La défense de zone naturelle comme Antifer est une problématique difficile : il y a antinomie entre la défense du site et le désir de le rendre accessible ; il faut conscientiser les gens mais à trop ouvrir on risque d’anéantir. L’aménagement du territoire est souvent contraire à la logique de la valorisation, il faut une démarche de protection, les zones de quiétude sont assimilables à des mesures compensatoires. C’est un gros travail pour les futurs députés.
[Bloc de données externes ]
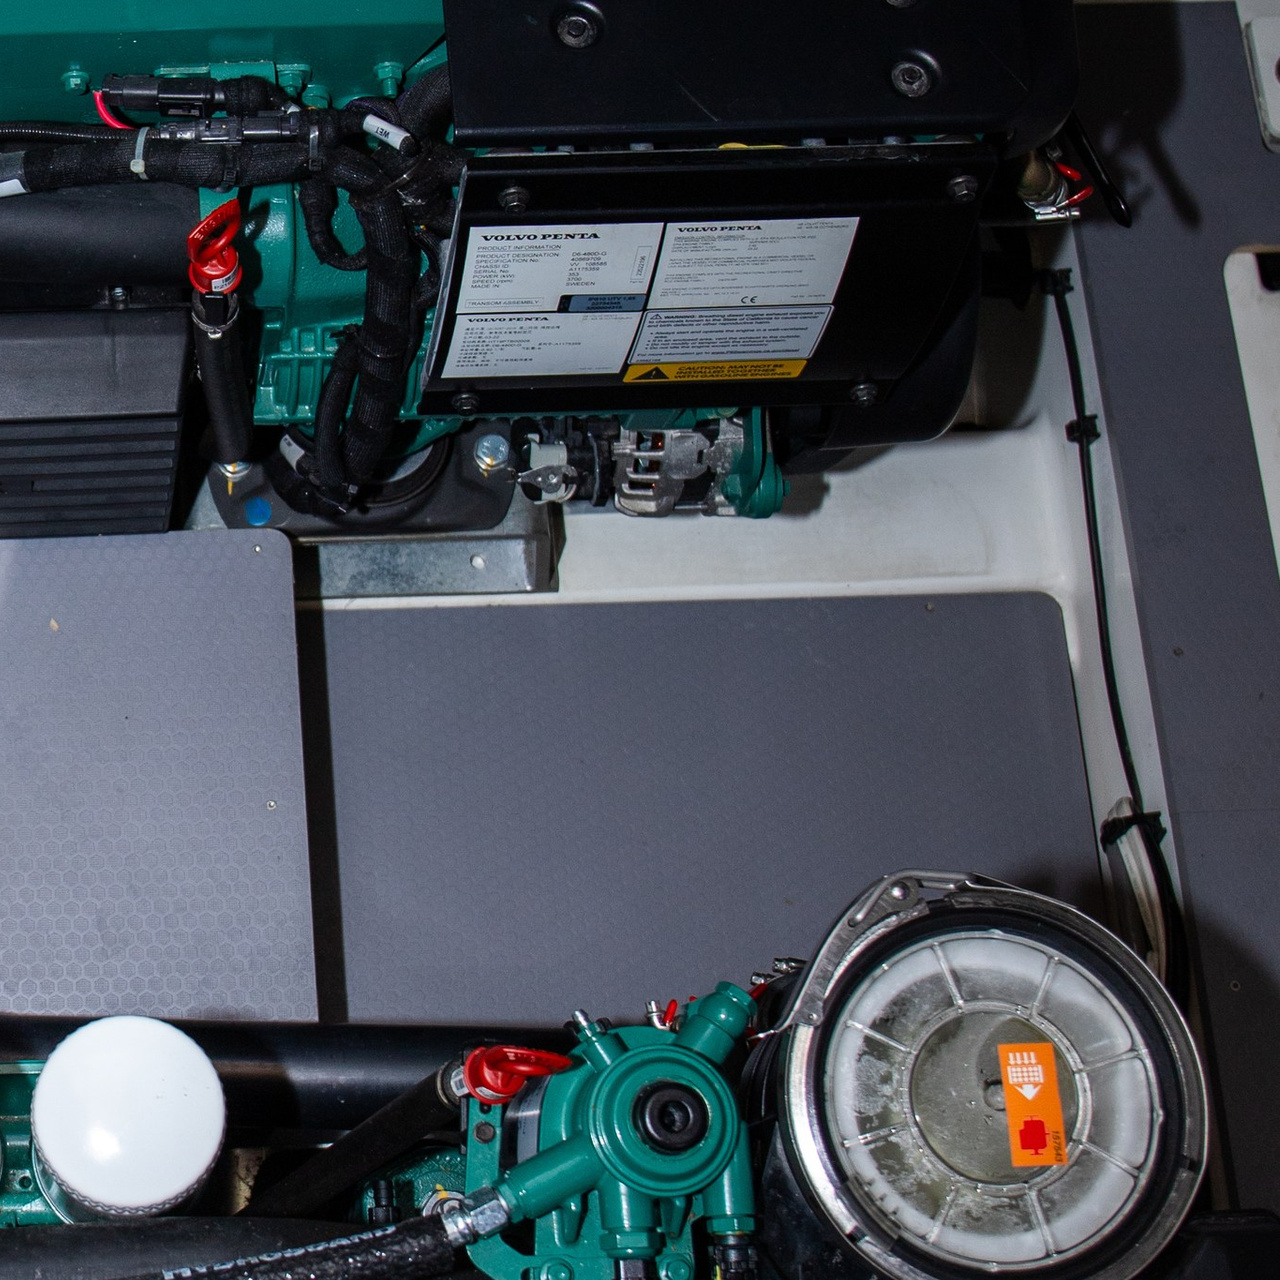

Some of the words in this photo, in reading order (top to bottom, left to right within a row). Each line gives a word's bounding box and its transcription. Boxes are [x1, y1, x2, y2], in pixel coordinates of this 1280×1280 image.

[375, 126, 390, 140] WET
[482, 233, 538, 241] VOLVO
[541, 232, 600, 240] PENTA
Si l’on prend l’exemple du problème des cerfs à Rambouillet : la reproduction est en déclin à cause des sentiers trop nombreux créés pour les touristes ; les cerfs sont plus concentrés, infligeant des dégâts à la sylviculture : illustration de l’approche économique. Si je prends la métaphore de la pièce de théâtre, il y a de bons acteurs sur la scène mais, il doit exister des coulisses ou zones de quiétude pour une meilleure qualité du spectacle.
Mon panthéon ornithologique :
Je suis conservateur de la réserve d'Antifer et je connais donc bien le faucon pélerin.
Le faucon pèlerin est un symbole ; comme chez les indiens, le faucon passe un message ; il est un dieu chez les égyptiens, il figure sur les totems des indiens. J’ai une profonde admiration pour cet animal quand on le croise sur la côte d’Albâtre, c’est quasi notre tigre, notre ours, c’est pour moi un archétype de la nature et il ne perd pas son prestige même s’il devient plus nombreux.
Sa puissance me procure de l’émotion, j’ai fait évoluer mon rapport au caractère remarquable de cette espèce, rare à l’échelle globale. Jeune, on cavale après l’espèce rare et l’homme a failli liquider cet oiseau ; mais, si on stoppe l’utilisation du DDT, cette espèce résiliente revient : cela doit donner de l’espoir aux jeunes.
Ma quête :
Ce qui met en mouvement l’homme c’est la peur, on vient de le voir avec le COVID. Mais aussi le désir et l’amour, sans désir il n’y a pas d’action.
La vie est courte, plus que passionné il faut être habité par la nature, avoir un profond désir de défendre la nature et de partager jusqu’à aller à l’engagement public malgré les difficultés des métiers ; je suis convaincu que la beauté de la nature libre donne du sens à notre vie, nous renvoie à notre humanité ; défendre la nature donne du sens à la vie, avec le désir de partager avec d’autres. La beauté est très importante, je le dis avec beaucoup de sincérité.
Robert Hainard est un penseur important, sa lecture devrait être obligatoire à l’école ou plus tard dans les formations qui s’occupent d’aménagement du territoire.
Le GONm :
Association régionale, importante. Longue vie au GONm.